Where criticism of “Human Desire” failed is on the part of French critics – many of whom went on to become prominent directors – who relied on the auteur theory without realizing the constraints most Hollywood directors worked under.
Writing in Arts in 1955, François Truffaut noted that “The confrontation of these two works is extremely rewarding since it reveals how two of the greatest men of the cinema treated the same subject diverging in their conception of content and of form while each of them succeeded in making one of the best films of their careers.”
As with Jean-Luc Godard (noted earlier), Truffaut seems to be utterly ignorant of how Hollywood films actually got made and the similar gushing about “Human Desire” being “one of the best films” of Lang’s career borders on the embarrassing. Lang was quite clear about how he thought about the reception to “Human Desire” in France. In a 1959 interview with Jacques Rivette in Cahiers du Cinéma, Lang responded to a question from Rivette with “I would very much like to speak about it, but Renoir’s film is better . . . My film isn’t ‘La Bête humaine.’ It was called ‘Human Desire.’ It was inspired by a book, a film. I wonder why you gave it a good review in your Cahiers?” “Formally,” Rivette responded, “your film is very good.” “Thanks very much, you are very kind” Lang said, “but it wasn’t ‘La Bête humaine.’” In The Celluloid Muse: Hollywood Directors Speak, Lang was quoted as saying, “[“Human Desire”] was a great success in France, I don’t know why. It certainly didn’t deserve it.”
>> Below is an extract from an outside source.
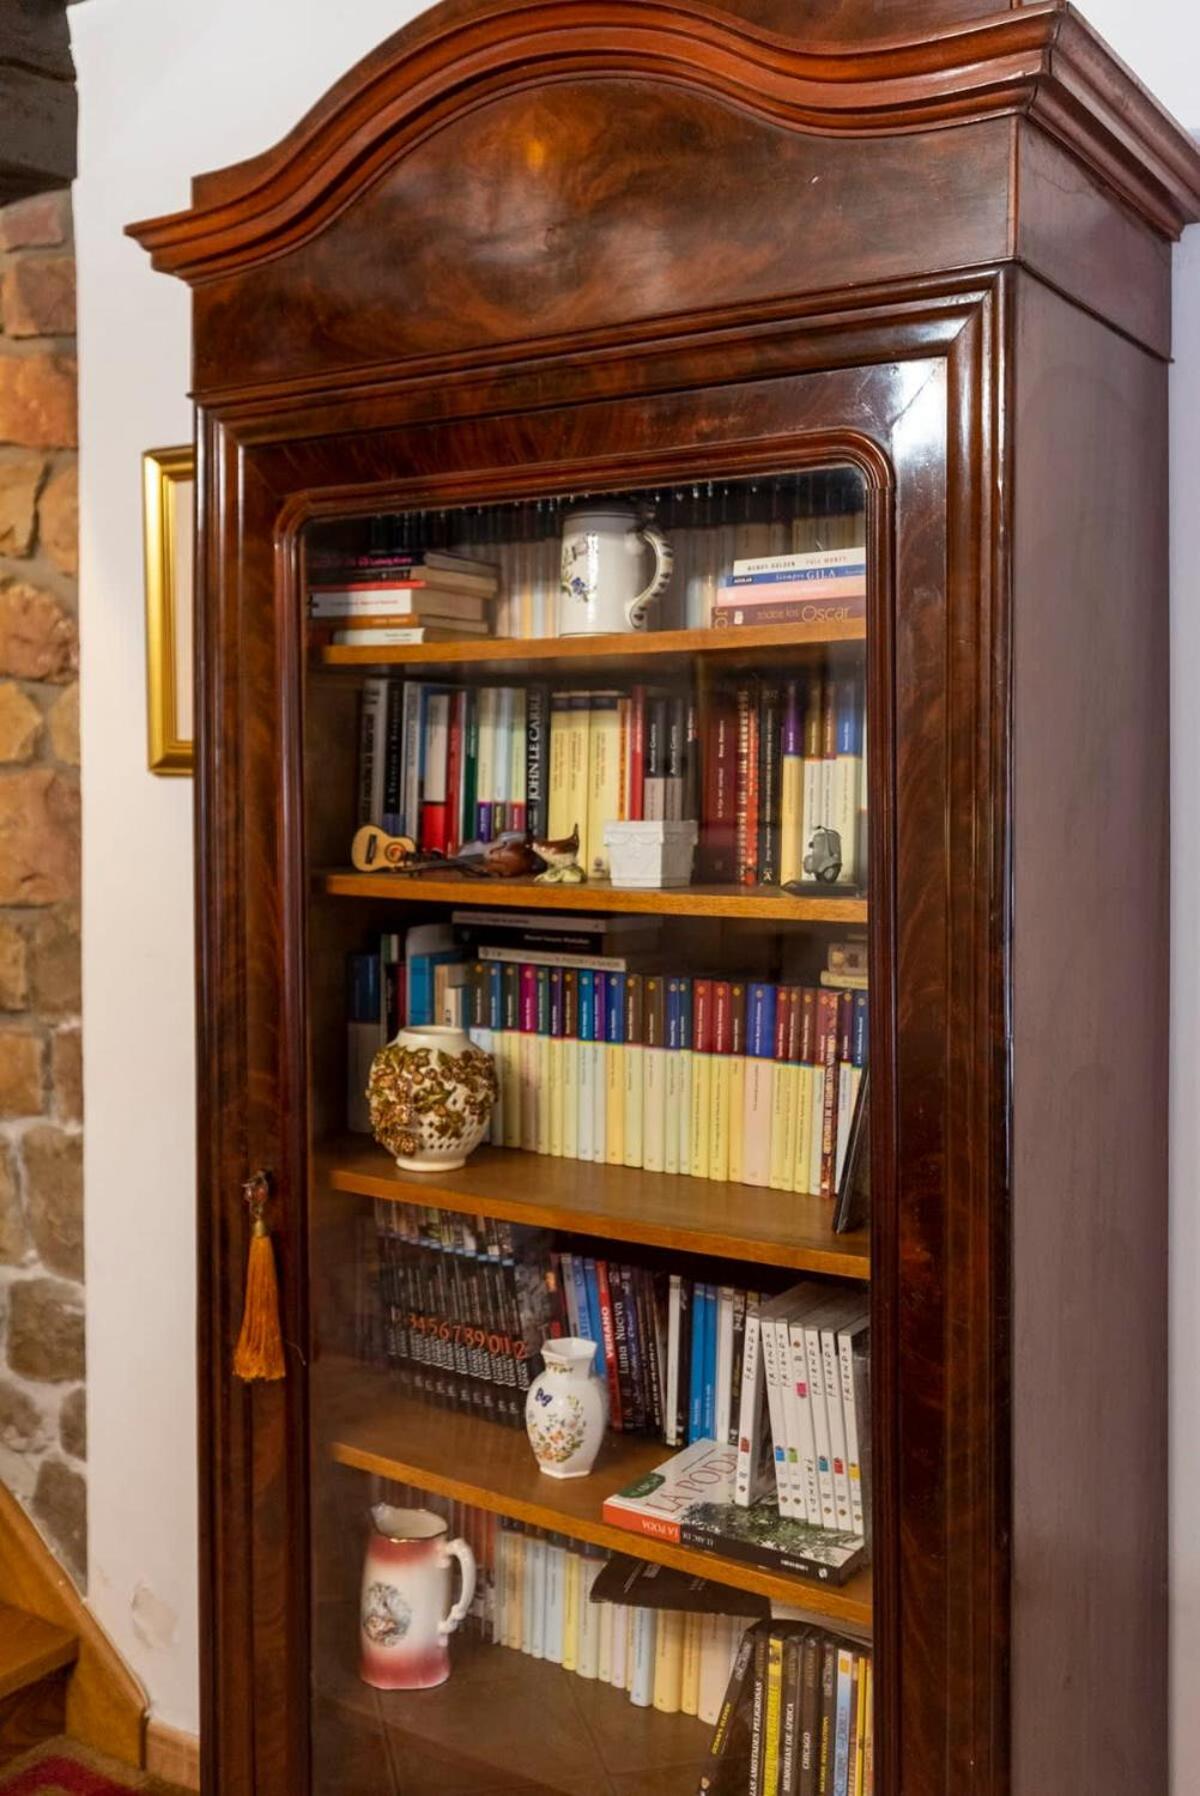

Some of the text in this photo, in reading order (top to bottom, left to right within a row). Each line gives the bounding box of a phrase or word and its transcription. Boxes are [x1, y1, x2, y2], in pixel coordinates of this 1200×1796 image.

What “Human Desire” does deserve is recognizing the technical prowess that Lang exerted even when the patient was wheeled in dead on arrival. Variety makes a good point about the speeding trains not being essential to the plot. Many of those railroad shots and sequences were planned in Canada by Lang and Alfred Hayes prior to the script being gutted and as much as the “noirists” claim to the contrary, none of the photography is “expressionistic.” As with “Ministry of Fear,” Lang knew he was filming a sham plot and did what he could. Frederick Ott describes it as a “flaccid adaptation.” This is one case where Lang was accurate in assessing his own film.
During this time Lang worked on a script titled “Dark Spring” that centers on a young girl whose stepfather is trying to kill her to get her inheritance. According to Bogdanovich, the “problem of casting the young girl” led to Lang dropping the project.